=== Task objective ===
Print out all of the data below, keeping it identical to the original.

=== Dataset entries ===
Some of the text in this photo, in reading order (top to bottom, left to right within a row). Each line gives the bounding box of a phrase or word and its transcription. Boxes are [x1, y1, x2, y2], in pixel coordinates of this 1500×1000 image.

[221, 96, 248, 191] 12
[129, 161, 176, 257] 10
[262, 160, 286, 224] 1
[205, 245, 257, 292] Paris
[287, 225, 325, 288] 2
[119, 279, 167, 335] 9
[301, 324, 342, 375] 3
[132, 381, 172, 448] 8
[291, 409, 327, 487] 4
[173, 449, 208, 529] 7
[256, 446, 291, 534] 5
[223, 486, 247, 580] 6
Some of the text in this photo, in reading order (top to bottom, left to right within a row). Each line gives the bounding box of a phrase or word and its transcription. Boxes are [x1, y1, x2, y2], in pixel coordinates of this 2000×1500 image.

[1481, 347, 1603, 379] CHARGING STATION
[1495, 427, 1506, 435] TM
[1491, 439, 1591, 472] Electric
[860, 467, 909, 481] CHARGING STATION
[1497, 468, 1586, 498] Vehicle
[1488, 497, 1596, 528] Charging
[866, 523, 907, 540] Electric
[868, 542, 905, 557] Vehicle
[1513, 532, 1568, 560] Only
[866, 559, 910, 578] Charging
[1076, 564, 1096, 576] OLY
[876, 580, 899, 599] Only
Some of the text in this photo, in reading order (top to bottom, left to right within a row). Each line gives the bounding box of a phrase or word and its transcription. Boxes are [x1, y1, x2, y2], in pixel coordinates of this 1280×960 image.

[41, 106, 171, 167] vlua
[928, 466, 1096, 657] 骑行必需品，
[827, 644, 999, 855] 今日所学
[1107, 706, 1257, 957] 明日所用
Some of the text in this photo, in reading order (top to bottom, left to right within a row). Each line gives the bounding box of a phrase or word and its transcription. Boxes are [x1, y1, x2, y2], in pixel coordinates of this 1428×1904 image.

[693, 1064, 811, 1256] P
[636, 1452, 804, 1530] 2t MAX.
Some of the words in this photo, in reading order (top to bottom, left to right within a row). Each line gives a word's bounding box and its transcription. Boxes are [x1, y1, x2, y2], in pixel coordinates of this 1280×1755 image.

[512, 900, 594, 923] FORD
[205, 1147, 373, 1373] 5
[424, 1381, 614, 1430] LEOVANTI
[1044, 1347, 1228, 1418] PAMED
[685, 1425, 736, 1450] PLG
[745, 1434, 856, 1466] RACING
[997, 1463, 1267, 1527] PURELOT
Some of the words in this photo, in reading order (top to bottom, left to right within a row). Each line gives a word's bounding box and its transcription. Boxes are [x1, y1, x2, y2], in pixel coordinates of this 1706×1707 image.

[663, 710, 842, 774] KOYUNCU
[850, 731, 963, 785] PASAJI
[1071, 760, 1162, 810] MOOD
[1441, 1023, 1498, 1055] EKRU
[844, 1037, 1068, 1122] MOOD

=== Response to the task ===
Some of the text in this photo, in reading order (top to bottom, left to right within a row). Each line gives the bounding box of a phrase or word and its transcription. Boxes are [x1, y1, x2, y2], in pixel coordinates of this 1500×1000 image.

[221, 96, 248, 191] 12
[129, 161, 176, 257] 10
[262, 160, 286, 224] 1
[205, 245, 257, 292] Paris
[287, 225, 325, 288] 2
[119, 279, 167, 335] 9
[301, 324, 342, 375] 3
[132, 381, 172, 448] 8
[291, 409, 327, 487] 4
[173, 449, 208, 529] 7
[256, 446, 291, 534] 5
[223, 486, 247, 580] 6
Some of the text in this photo, in reading order (top to bottom, left to right within a row). Each line gives the bounding box of a phrase or word and its transcription. Boxes are [x1, y1, x2, y2], in pixel coordinates of this 2000×1500 image.

[1481, 347, 1603, 379] CHARGING STATION
[1495, 427, 1506, 435] TM
[1491, 439, 1591, 472] Electric
[860, 467, 909, 481] CHARGING STATION
[1497, 468, 1586, 498] Vehicle
[1488, 497, 1596, 528] Charging
[866, 523, 907, 540] Electric
[868, 542, 905, 557] Vehicle
[1513, 532, 1568, 560] Only
[866, 559, 910, 578] Charging
[1076, 564, 1096, 576] OLY
[876, 580, 899, 599] Only
Some of the text in this photo, in reading order (top to bottom, left to right within a row). Each line gives the bounding box of a phrase or word and its transcription. Boxes are [x1, y1, x2, y2], in pixel coordinates of this 1280×960 image.

[41, 106, 171, 167] vlua
[928, 466, 1096, 657] 骑行必需品，
[827, 644, 999, 855] 今日所学
[1107, 706, 1257, 957] 明日所用
Some of the text in this photo, in reading order (top to bottom, left to right within a row). Each line gives the bounding box of a phrase or word and its transcription. Boxes are [x1, y1, x2, y2], in pixel coordinates of this 1428×1904 image.

[693, 1064, 811, 1256] P
[636, 1452, 804, 1530] 2t MAX.
Some of the words in this photo, in reading order (top to bottom, left to right within a row). Each line gives a word's bounding box and its transcription. Boxes are [x1, y1, x2, y2], in pixel coordinates of this 1280×1755 image.

[512, 900, 594, 923] FORD
[205, 1147, 373, 1373] 5
[424, 1381, 614, 1430] LEOVANTI
[1044, 1347, 1228, 1418] PAMED
[685, 1425, 736, 1450] PLG
[745, 1434, 856, 1466] RACING
[997, 1463, 1267, 1527] PURELOT
Some of the words in this photo, in reading order (top to bottom, left to right within a row). Each line gives a word's bounding box and its transcription. Boxes are [x1, y1, x2, y2], in pixel coordinates of this 1706×1707 image.

[663, 710, 842, 774] KOYUNCU
[850, 731, 963, 785] PASAJI
[1071, 760, 1162, 810] MOOD
[1441, 1023, 1498, 1055] EKRU
[844, 1037, 1068, 1122] MOOD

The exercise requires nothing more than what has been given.